Update test cases

jingyu-ml · jingyu-ml · commit 2b09c92c95fc · 2025-09-18T21:28:30.000Z
Signed-off-by: Jingyu Xin &lt;jingyux@nvidia.com&gt;
diff --git a/tests/gpu/torch/peft/test_forward_megatron.py b/tests/gpu/torch/peft/test_forward_megatron.py
@@ -464,18 +464,91 @@ def forward_func(mod):
         print(
             f"LoRA forward pass successful! Output shape: {output_lora_quant.shape if hasattr(output_lora_quant, 'shape') else 'N/A'}"
         )
+        print(model)
         print("Test passed!")
     finally:
         # Clean up model parallel groups
         parallel_state.destroy_model_parallel()
 
 
 def _test_quantize_then_lora_save_restore():
-    pass
+    initialize_for_megatron(tensor_model_parallel_size=1, pipeline_model_parallel_size=1, seed=1234)
+
+    try:
+        model_ref = _gpt_model_provider(tp_size=1)
+        model_test = _gpt_model_provider(tp_size=1)

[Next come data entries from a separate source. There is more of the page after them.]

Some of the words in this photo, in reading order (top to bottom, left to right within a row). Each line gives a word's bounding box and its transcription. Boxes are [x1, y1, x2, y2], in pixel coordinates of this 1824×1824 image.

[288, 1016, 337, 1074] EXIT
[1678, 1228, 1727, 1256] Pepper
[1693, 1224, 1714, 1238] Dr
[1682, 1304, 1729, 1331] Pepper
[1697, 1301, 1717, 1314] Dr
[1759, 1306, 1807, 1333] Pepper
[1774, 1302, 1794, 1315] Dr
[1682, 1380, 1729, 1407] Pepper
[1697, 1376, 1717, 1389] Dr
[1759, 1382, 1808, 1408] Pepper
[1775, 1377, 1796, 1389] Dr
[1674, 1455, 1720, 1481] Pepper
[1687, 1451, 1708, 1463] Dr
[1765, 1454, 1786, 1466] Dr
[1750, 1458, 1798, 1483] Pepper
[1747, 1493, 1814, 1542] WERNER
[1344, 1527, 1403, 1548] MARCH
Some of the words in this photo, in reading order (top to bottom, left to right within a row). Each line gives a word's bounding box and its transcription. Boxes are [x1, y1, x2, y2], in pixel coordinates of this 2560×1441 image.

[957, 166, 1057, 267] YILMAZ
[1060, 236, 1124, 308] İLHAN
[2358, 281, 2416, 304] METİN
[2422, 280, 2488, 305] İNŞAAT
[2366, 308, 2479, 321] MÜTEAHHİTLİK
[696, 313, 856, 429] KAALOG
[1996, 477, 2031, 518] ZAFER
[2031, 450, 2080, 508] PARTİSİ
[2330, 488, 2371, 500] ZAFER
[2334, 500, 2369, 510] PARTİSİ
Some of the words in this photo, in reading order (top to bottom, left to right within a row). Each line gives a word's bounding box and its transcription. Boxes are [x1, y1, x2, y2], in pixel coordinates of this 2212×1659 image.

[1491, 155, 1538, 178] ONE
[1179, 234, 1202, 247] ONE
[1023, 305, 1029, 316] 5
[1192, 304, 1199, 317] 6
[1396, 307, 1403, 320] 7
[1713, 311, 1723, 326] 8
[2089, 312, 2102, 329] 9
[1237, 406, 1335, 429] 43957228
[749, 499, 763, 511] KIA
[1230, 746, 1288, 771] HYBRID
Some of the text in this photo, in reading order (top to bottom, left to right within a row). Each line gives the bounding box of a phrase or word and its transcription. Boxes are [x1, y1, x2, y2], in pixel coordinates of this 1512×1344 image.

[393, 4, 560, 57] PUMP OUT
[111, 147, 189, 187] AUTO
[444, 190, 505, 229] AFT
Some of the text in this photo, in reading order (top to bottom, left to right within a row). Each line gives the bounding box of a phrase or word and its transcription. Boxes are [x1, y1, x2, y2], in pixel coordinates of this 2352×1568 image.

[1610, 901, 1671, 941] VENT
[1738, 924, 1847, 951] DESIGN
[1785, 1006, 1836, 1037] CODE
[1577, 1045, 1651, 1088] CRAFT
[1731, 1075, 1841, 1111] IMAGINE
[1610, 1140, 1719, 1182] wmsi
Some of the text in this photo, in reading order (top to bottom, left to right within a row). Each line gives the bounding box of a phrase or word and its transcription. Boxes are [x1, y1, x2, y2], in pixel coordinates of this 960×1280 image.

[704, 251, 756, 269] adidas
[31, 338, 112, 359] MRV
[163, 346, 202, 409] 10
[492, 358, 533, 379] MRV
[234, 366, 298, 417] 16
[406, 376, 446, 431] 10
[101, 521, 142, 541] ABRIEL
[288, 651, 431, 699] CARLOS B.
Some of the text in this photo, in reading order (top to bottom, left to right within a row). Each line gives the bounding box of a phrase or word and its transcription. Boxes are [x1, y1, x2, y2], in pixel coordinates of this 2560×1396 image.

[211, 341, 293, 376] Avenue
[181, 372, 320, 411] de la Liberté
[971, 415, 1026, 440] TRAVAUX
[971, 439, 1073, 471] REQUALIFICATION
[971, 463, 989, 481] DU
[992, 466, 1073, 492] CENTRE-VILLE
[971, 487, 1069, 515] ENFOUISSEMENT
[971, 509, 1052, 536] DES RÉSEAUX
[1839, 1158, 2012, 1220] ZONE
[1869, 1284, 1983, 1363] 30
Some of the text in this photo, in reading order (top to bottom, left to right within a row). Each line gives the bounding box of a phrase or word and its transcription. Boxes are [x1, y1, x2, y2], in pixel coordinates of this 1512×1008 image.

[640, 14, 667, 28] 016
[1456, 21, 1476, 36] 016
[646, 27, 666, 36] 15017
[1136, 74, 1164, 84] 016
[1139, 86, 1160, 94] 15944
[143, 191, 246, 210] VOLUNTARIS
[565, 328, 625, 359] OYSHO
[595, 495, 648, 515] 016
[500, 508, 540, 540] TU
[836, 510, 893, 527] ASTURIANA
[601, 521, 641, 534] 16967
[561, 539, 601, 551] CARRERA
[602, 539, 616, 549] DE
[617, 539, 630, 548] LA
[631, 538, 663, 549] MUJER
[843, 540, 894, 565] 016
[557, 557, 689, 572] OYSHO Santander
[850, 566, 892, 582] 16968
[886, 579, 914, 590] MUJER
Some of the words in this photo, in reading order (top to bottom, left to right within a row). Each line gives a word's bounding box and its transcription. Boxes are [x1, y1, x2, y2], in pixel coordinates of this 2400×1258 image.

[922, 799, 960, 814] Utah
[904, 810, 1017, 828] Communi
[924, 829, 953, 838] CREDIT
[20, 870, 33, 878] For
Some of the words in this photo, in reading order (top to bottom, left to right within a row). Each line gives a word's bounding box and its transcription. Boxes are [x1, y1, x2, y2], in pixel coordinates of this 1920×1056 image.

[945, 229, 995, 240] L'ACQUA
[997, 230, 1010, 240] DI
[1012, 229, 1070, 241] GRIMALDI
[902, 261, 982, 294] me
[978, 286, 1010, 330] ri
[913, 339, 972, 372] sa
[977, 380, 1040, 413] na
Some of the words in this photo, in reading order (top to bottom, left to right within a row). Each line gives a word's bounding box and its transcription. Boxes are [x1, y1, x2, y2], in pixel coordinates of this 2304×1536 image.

+        prompt_tokens = torch.randint(
+            0, model_test.vocab_size, (2, model_test.max_sequence_length)
+        ).cuda()
+
+        def forward_func(mod):
+            output = megatron_prefill(model_ref, prompt_tokens)
+
+        mtq.quantize(model_ref, mtq.FP8_DEFAULT_CFG, forward_func)
+        lora_config = {
+            "adapter_type": "lora",
+            "adapter_name": "default",
+            "adapter_cfg": {
+                "*attention*": {"rank": 32, "scale": 1},
+                "*mlp*": {"rank": 64, "scale": 1},
+            },
+        }
+        model_ref = mtp.update_model(model_ref, lora_config)
+        tmp_path = "./model_ref"
+        save_distributed_checkpoint(tmp_path, model_ref)
+        save_sharded_modelopt_state([model_ref], tmp_path)
+        restore_sharded_modelopt_state([model_test], tmp_path)
+        model_test = load_distributed_checkpoint(tmp_path, model_test)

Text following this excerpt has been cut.